Renegociação em sete anos
Ainda sobre o endividamento da empresa, a sua assessoria de imprensa afirmou que a Hemobrás acumulou um prejuízo de 200 milhões de dólares junto ao parceiro de transferência de tecnologia para fornecer Fator VIII recombinante ao Programa Nacional de Coagulopatias Hereditárias. “Mesmo tendo que lidar com uma desavença dessa magnitude não houve desabastecimento do produto. O passivo foi renegociado com o parceiro privado para ser pago em sete anos. Dentro desse acordo o atual parceiro está construindo a fábrica para a produção do medicamento com investimento de 250 milhões de dólares.

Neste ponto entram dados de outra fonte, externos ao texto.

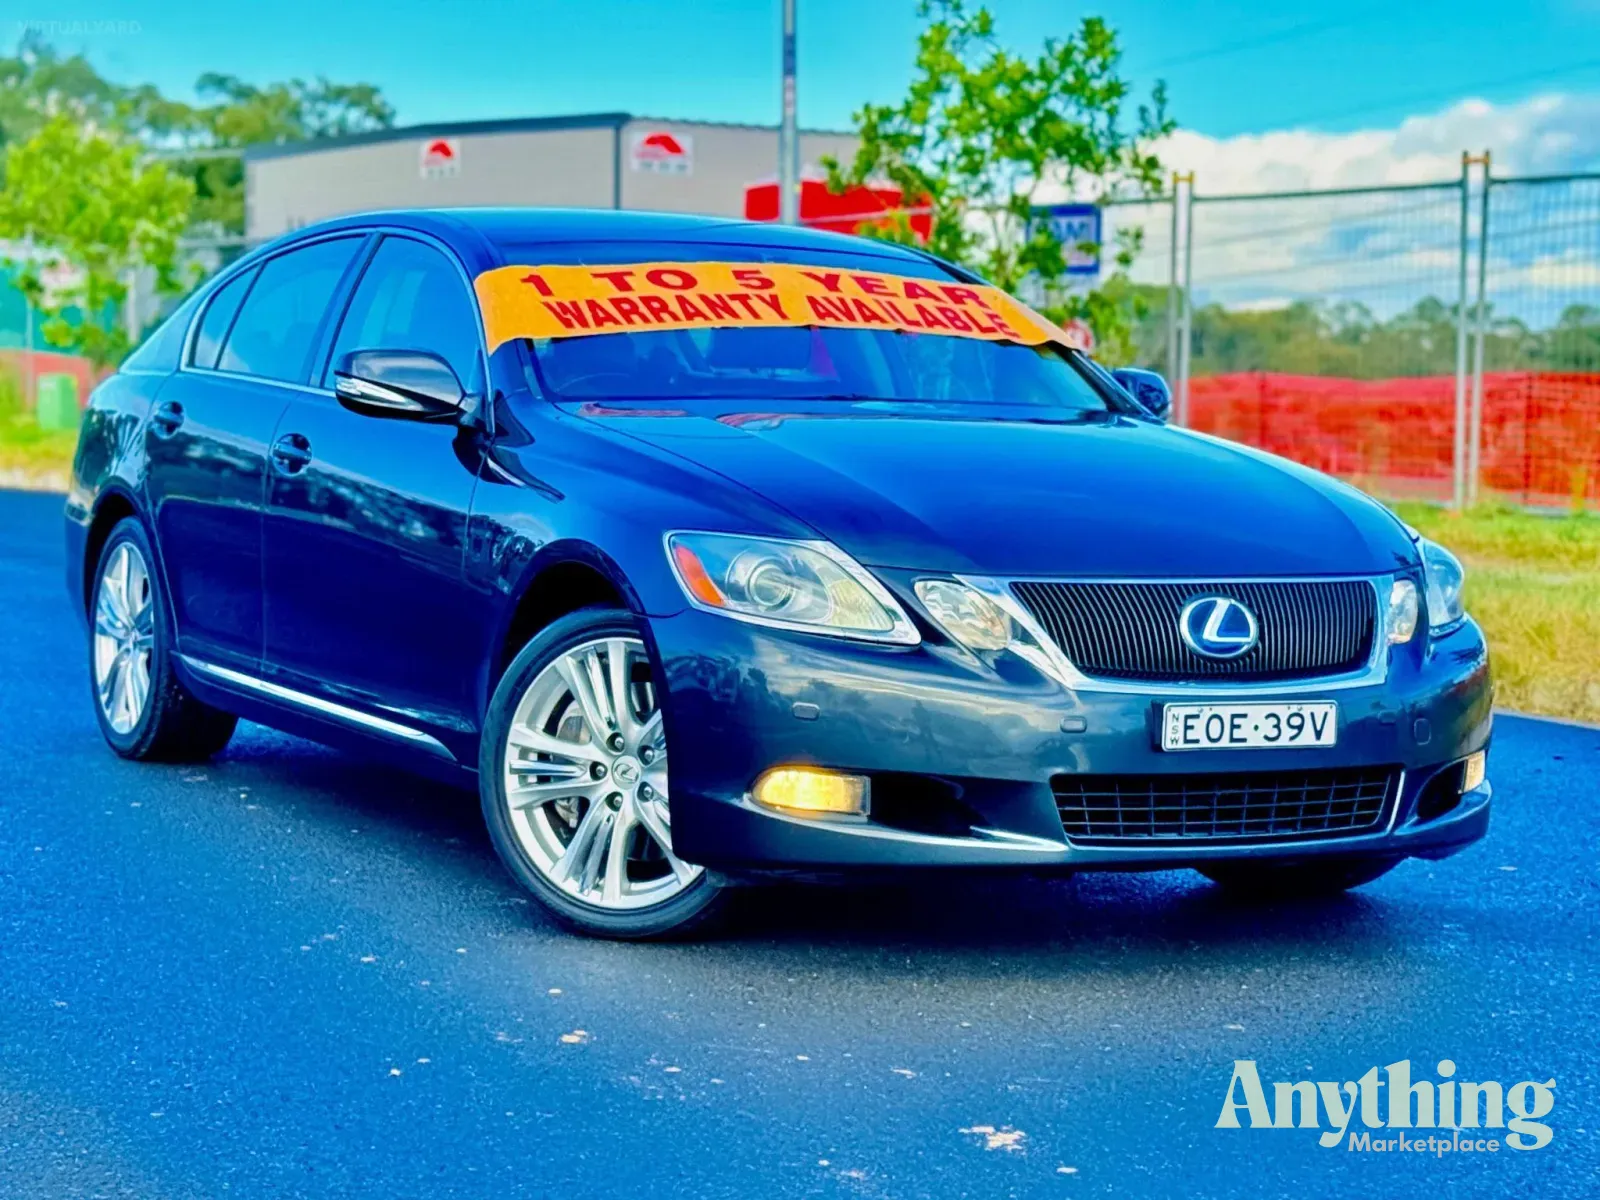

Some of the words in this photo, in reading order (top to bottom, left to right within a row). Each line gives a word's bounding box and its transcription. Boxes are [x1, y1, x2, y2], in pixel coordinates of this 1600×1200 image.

O passivo atual foi amortizado em 50%. Atualmente as novas operações de câmbio são negociadas ano a ano e estão protegidas”, diz nota da assessoria.
Questionada se a estatal poderia atender outros clientes, além do Ministério da Saúde, a assessoria respondeu que a Hemobrás foi criada para fornecer medicamentos hemoderivados e de biotecnologia ao Sistema Único de Saúde, reduzindo ou anulando a dependência externa desses produtos. “Quando obtidos a partir do plasma brasileiro, os medicamentos resultantes têm que atender prioritariamente ao SUS. Já no contexto da biotecnologia o excedente da produção nacional poderá, em tese, ser comercializado com outros países após a conclusão da transferência de tecnologia”, acrescentou a nota.
A Hemobrás também informou o andamento das obras da fábrica de recombinantes, programada para ser inaugurada em 2025. “Até junho de 2021 foram investidos aproximadamente 20 milhões de dólares na aquisição de equipamentos, desenvolvimento de projetos e obras. Esse valor deve atingir o total de cerca de 55,8 milhões de dólares até o final de 2021. O total de investimentos contratados se encontra em 70 milhões de dólares. A obra da fábrica finaliza em 2023, quando começam as operações e validação farmacêuticas”.
A Hemobrás também foi questionada por que demorou tanto a perceber que precisaria de uma fábrica de recombinantes. “Não se tratou de forma alguma de inércia para essa percepção. Tão logo identificamos a oportunidade, buscamos a incorporação da tecnologia de fabricação do Fator VIII recombinante. As tratativas para a incorporação dessa tecnologia se iniciaram em 2011. Antes desse período, não havia tecnologias disponíveis para transferência”, diz nota da empresa.